Cam is lounging in a hanging furniture object that's sort of a cross between a hammock and a chair and leaves plenty of room for the wings and tail, feet up, sipping hot cider, and watching a documentary about the history of the colonization of Luna because he does like to keep current. Ho hum.
"Are all the planets like this or did you come up with a few billion ideas for nifty rocks in less than a minute?"
"Most of the pretty stuff like this is different per planet, but not always a lot different. And the people-friendly parts are mostly just copies of nice Earth climates with the exact geography changed. And all the plants are Earth species, and somebody's gonna have to go through and build up the rest of the ecosystems, because if I'd had to come up with any complicated biology on the fly it would've taken ages."
"Yeah, that makes sense, copying speeds things way up. You could pretty up Limbo this way," he adds. "If nobody's prayed for it yet."
"People have prayed for some little stuff, but I dunno. I'd feel weird just barging in and covering places in trees and hills and pretty rocks when there are people there already. Maybe I'll do it to some places that are near people but not under 'em and see how they like it. There, I did one."
"There you go. It's just always sounded unbearably drab. The understood theory is that you show up there and you get exactly the one thing that you think an afterlife would be most incomplete without, but you don't get a chance to think that through, so people show up and they maybe get their favorite dead dog or a pond or an ice skating rink and it winds up being a pretty bizarre mishmash."
A large, graceful-looking stone archway appears on top of a nearby hill. It's big enough to drive a car through, and made of one solid piece of dark polished granite, and it has the two square symbols of Teah's name carved into an oval at the top.
Through the archway, with only the faintest rainbow shimmer at the edges to announce that something magical is going on, a different section of empty landscape is visible. This one is a flat steppe rather than hills and rivers, and has some very colourful mountains in the distance.
"What do you think?" says Teah.
"Very tasteful, might not fit a truck through it though if they want to bring in stuff from offworld, where does that lead to?"
"Just another one of my planets. Different solar system, but close by. That one's just to see how the idea works. My problem with making doors to Earth is I don't know where on Earth to put 'em."
"Okay. I can make guesses, but I am probably not a good emissary to ask humans any questions, since demons are not well liked."
"Okay, eventually you're going to want these near population centers, but for an initial proof of concept I'd think something maybe fifty miles away from the nearest good-size town - a town with, like, hotels in it as opposed to two bed-and-breakfasts, but make the whole thing remote enough that people don't swarm it and trample each other."
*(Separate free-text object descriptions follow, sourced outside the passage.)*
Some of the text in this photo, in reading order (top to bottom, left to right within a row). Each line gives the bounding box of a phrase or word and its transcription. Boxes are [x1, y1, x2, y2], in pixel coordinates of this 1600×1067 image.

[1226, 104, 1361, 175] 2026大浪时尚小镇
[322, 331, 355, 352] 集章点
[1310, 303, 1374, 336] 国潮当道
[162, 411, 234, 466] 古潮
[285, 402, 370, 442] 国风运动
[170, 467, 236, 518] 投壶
Et voila: a door! It's on the next hill over, and it's made of a paler, redder granite and is twice as wide and half again as tall, but is otherwise built to the same plan as the original. On the other side, a road is visible in the distance, past a considerable amount of anonymous vegetation.
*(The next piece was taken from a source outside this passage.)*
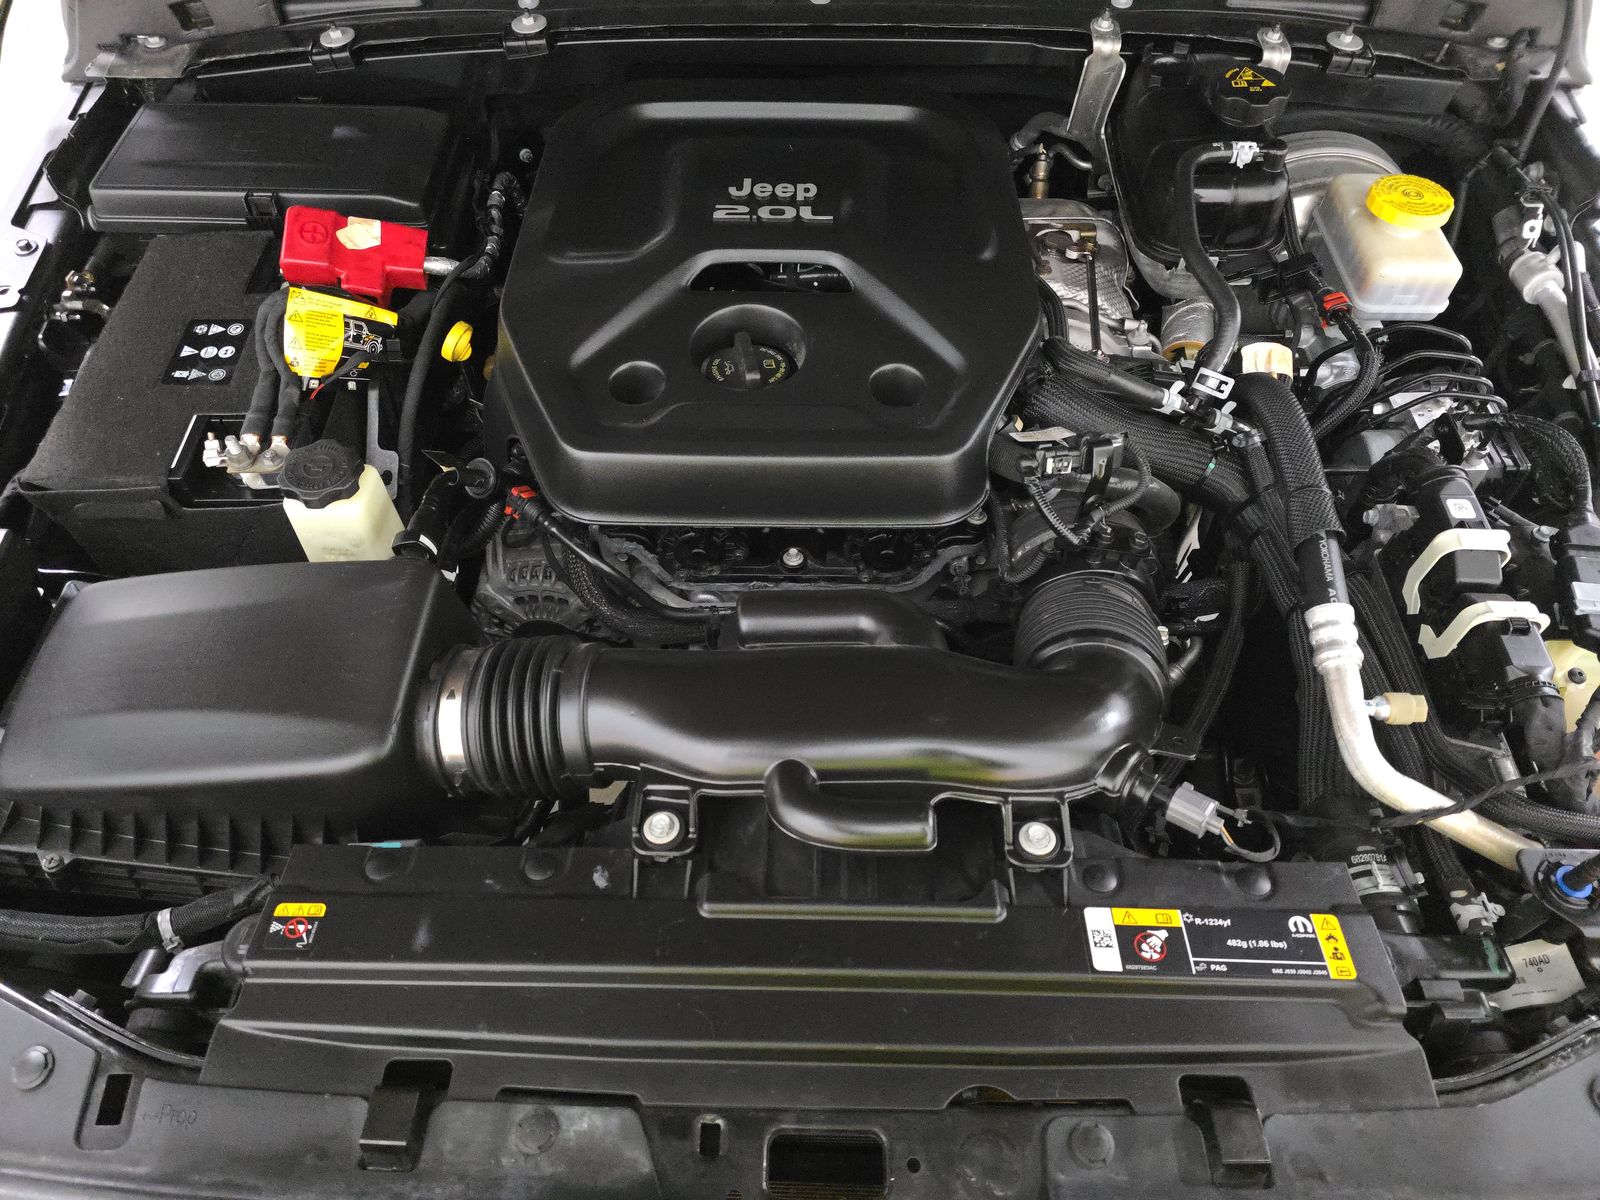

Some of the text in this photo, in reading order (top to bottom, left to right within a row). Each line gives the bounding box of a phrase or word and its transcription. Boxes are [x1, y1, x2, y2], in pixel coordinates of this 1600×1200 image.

[728, 177, 818, 201] Jeep
[712, 204, 834, 223] 2.0L
[1318, 537, 1334, 582] YOKOHAMA
[1210, 964, 1228, 972] PAG
"Yep! I found a town with a nice hill in the middle of its nowhere, somewhere in Canada I think, wasn't paying that much attention to borders. I figure it'll be more interesting if people can see the thing easily."
"Thanks!" Cam takes off and flies through the portal. "Demon on the loose, run, hapless Canadians," he mutters, though he's still invisible.
"Besides revolutionizing transit between worlds - I wonder if anybody will even bother to attend concordances anymore? - got any big plans?"
"Well, if you're gonna fix Limbo up pretty and let everybody move around freely, death is no longer a huge deal, but it might be hard for people to find each other. I'm pretty sure Limbo's not common knowledge for live humans."
"That's gonna change. There've been people wanting resurrections, and all I have to do is offer to the dead person if they want to go back. And when they don't wanna go back I say so to the person who asked. Word is gonna get around."
"Cool. Uh, the non-mortal worlds could also really use standardized communication protocols of, like, any kind, I think Fairyland may have something worked out but Limbo doesn't have the materials and Heaven and Hell don't have the coordination to agree on how to use radio frequencies and encode signals and so on. If you one-time issued every dead person and daeva some kind of magic widget that would communicate with other widgets of the same kind and attach to any sort of computer, and threw in the computers too for the Limboites and maybe the fairies, that would be swell. Especially if they worked world to world."
"Ooooh. Interesting. If it's gonna work world to world anyway, though, why leave the mortals out of it?"